By Workers of the Federal Writers Project of the Works Progress Administration for the State of Maine | Go to book overview

PREFACE

AS THE perspective broadens on the picture of the American scene, past and present, being portrayed by the Federal Writers' Project of the Works Progress Administration in the American Guide Series, the State by State development of this vast panorama now brings into focus the Nation's northeast corner. How strong a light Maine's contribution can stand depends to a great extent upon one's point of view.

Whatever the point of view, it should be remembered that the presentation of the many diverse elements embodied in a State the size of Maine in a single volume is necessarily of a general nature, under the rather rigid requirements of a guidebook; therefore certain phases may not seem to be treated in this book as thoroughly as they merit. An attempt has been made, however, to capture the spirit of Maine life and to highlight the Maine scene for the visitor, without being either romantic or encyclopedic.

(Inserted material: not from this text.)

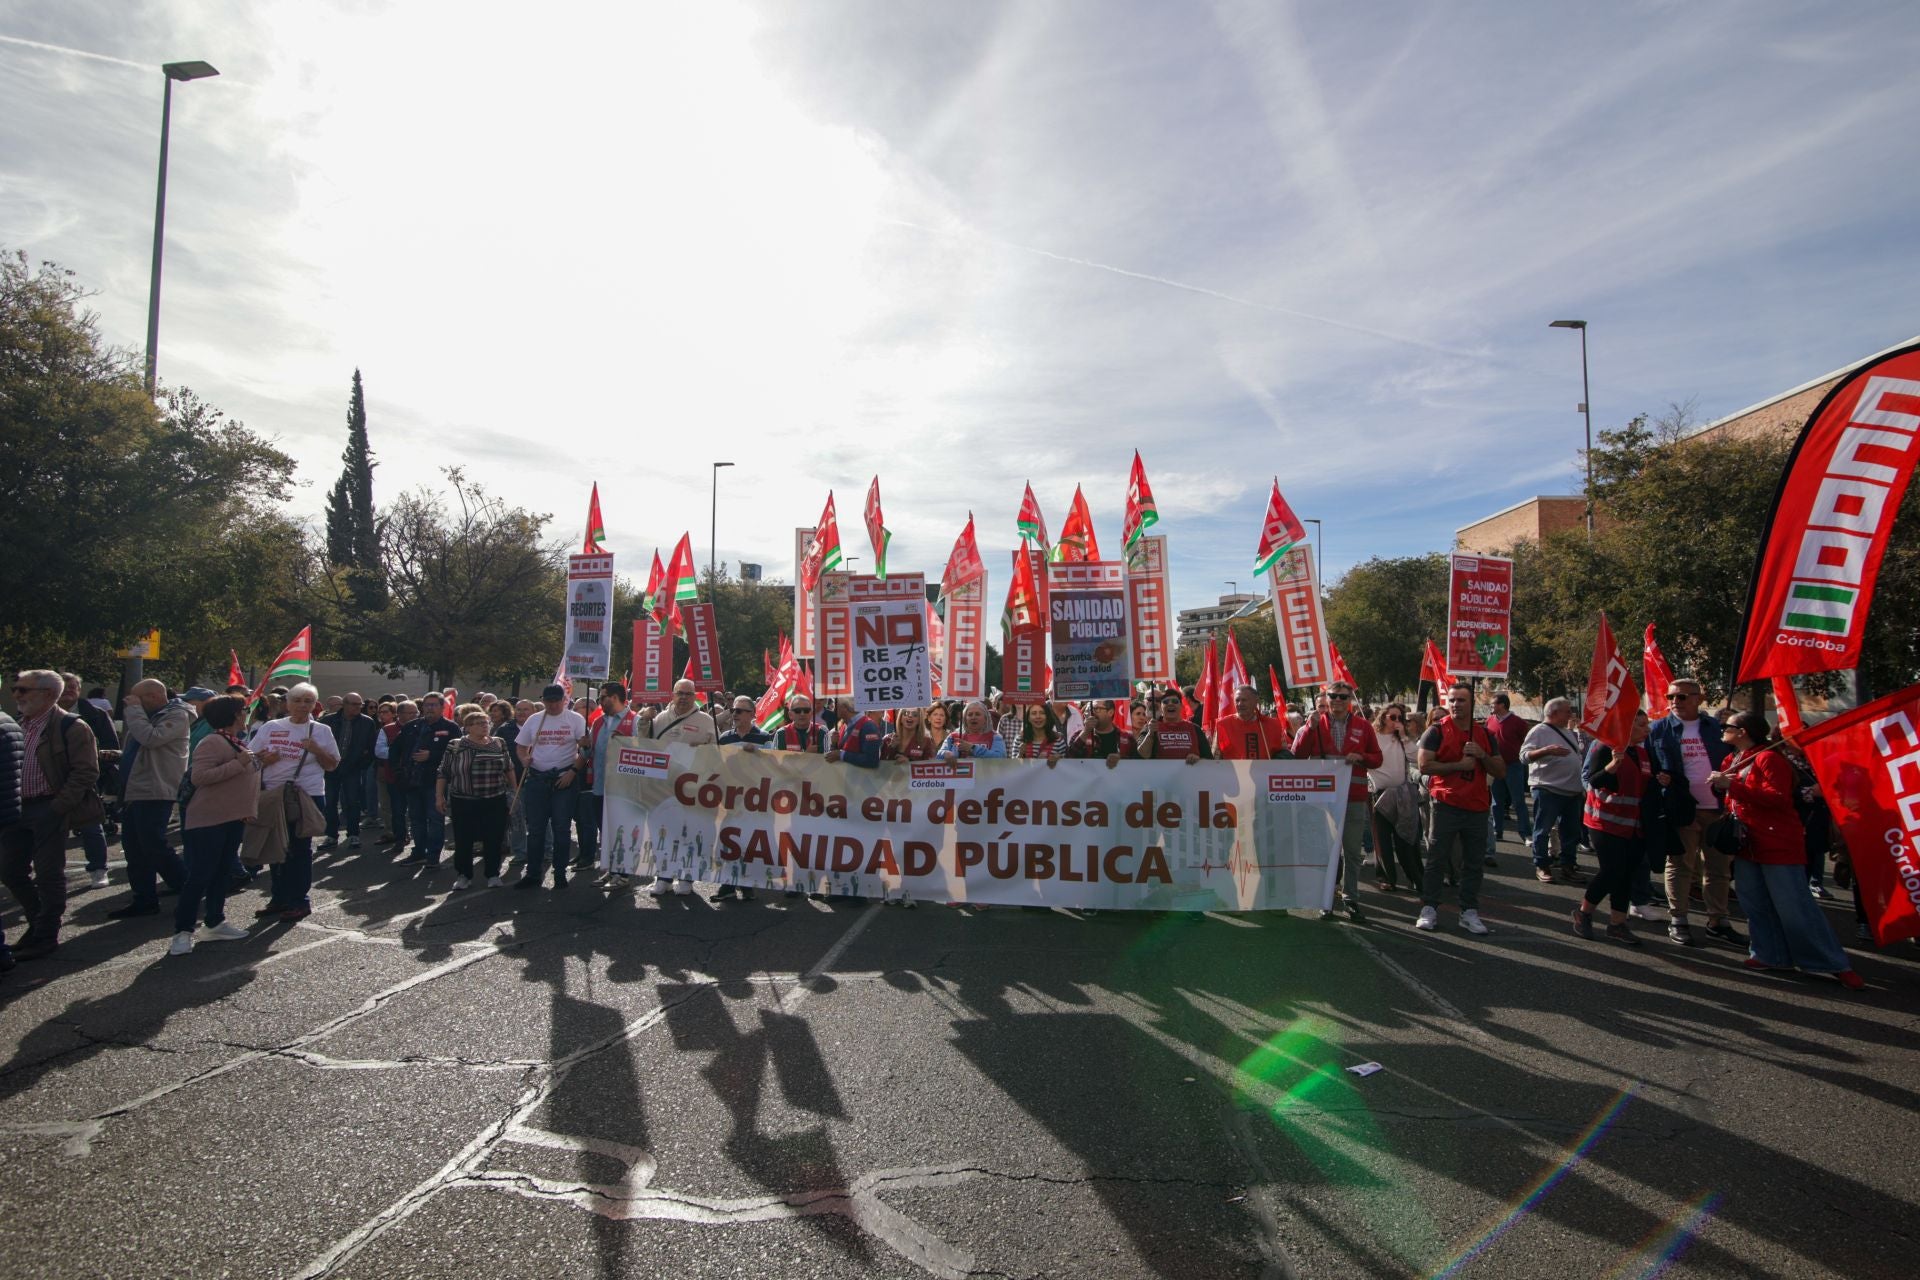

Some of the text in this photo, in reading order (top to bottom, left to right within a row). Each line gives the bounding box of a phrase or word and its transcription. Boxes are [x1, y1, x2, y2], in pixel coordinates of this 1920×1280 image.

The Maine staff of the Writers' Project, like those of other States, has had its own particular trials and tribulations in preparing a Guide. In presenting facts about Maine, the staff's supreme effort at accuracy often bogged down before several accepted authorities who were at variance on a given point. Items accepted as fact were occasionally found to be legendary. A single word at any moment might creep up and baffle the most intrepid research worker. Verification and re-verification through the turbulent days of production had members of the personnel in various emotional states, from rank pessimism to apoplectic rage, with the State Director prepared momentarily to emulate Rumpelstiltskin of the folk tale.

Now, as the tumult and the shouting die, the things that stand out are the united elements that brought the book to completion. Among these were steadfast sincerity of purpose and seriousness of effort on the part of staff members, which elements stood by and overcame many seemingly insurmountable difficulties. Perhaps most important of all was the interest and sympathy, within and without the State, of persons who gave invaluable aid to the Project in many ways. Our gratitude and appreciation of their kindness are only exceeded by the regret that space forbids personal acknowledgment in every instance here.